Watch and Learn

If you’re not already, you really should be a people-watcher. Some of the people you watch might be a little creeped out by it, but trust me, there’s a lot to be learned about writing by watching people, by making a study of them and learning as much as you can about their behavior.

The purpose of writing is to emulate reality. Whether we’re writing straight-up fiction, science fiction, fantasy, or horror – we want our work to mirror the world around us in many ways, if only so our readers have something to relate to, something that will keep them reading our story, and continue coming back to it again and again. But to do that, we need to know all there is to know about people, first and foremost.

 

1. Character creation

Very obviously, characters are based off our perception of actual people. There’s no other way to go about it. We write what we know, and we write about characters (whether they be people or creatures) that are created off what we know about the world around us. So when we watch people, we get a better idea of what those characters should look and act like.

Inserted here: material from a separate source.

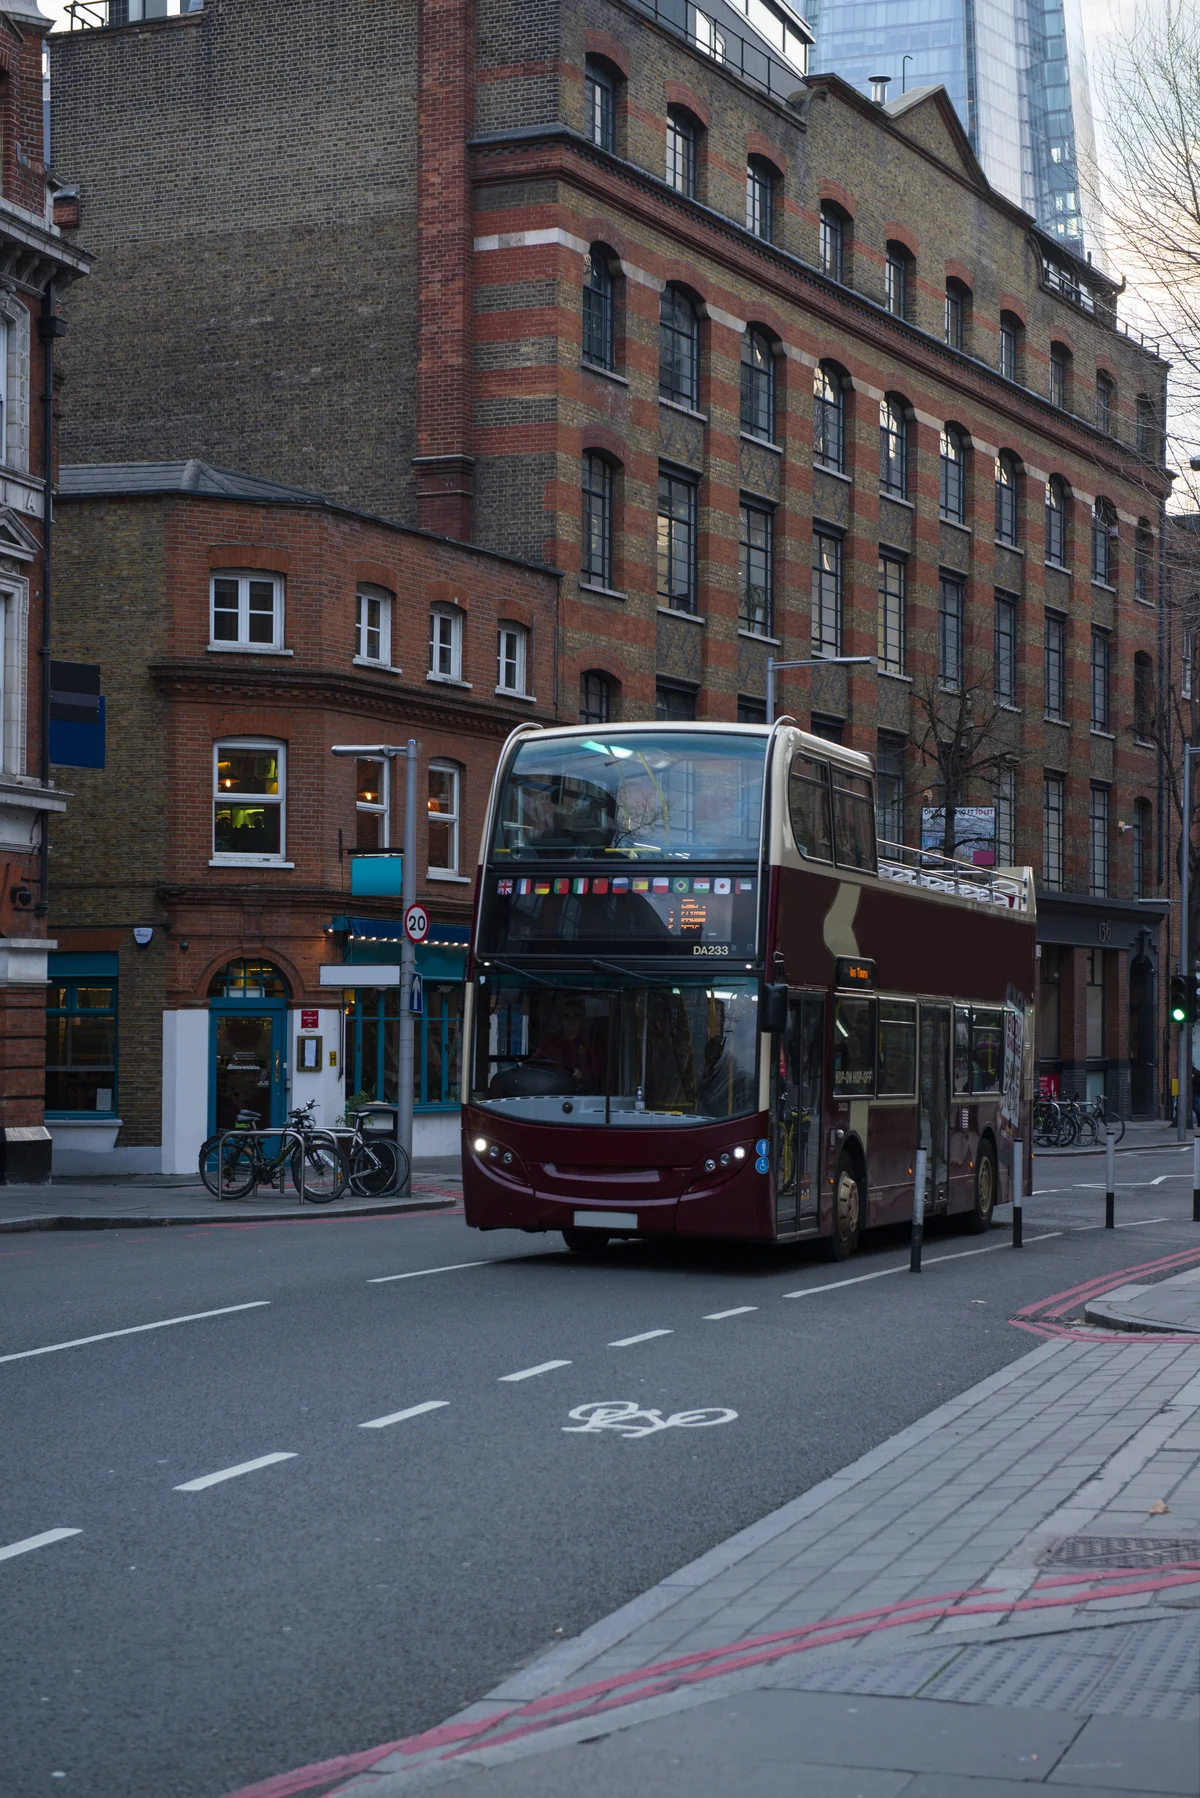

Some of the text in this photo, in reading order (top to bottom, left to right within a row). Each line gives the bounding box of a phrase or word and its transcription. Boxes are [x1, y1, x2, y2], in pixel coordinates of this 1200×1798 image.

We have a firmer understanding of facial expression, of emotion and feeling, of behaviors, of everything that makes people what we know them to be.

 

2. Dialogue formation

We have to be a little more cautious with this one. People don’t talk like characters do. But when you people watch, when you learn to eavesdrop on random people’s conversations, you learn more about the way people talk. People watching, in this case, shows us how to make our characters sound more like normal people, like they could step off the page and sit on the couch next to your reader.

 

3. Understanding of personality

Personalities come in every shape and form, and until you come to a full understanding of that, you’ll never be able to create a full range of characters. When you watch people, when they become a priority in what you’re doing, you’ll see just how many personalities there are out there. You’ll learn how to create those personalities, how to make them relate to one another, bash heads, and even fall in love.

 

Essentially, you’ll be better able to create characters, because we’re all characters in our own stories. It’s just that we need someone else to notice that. A writer, perhaps.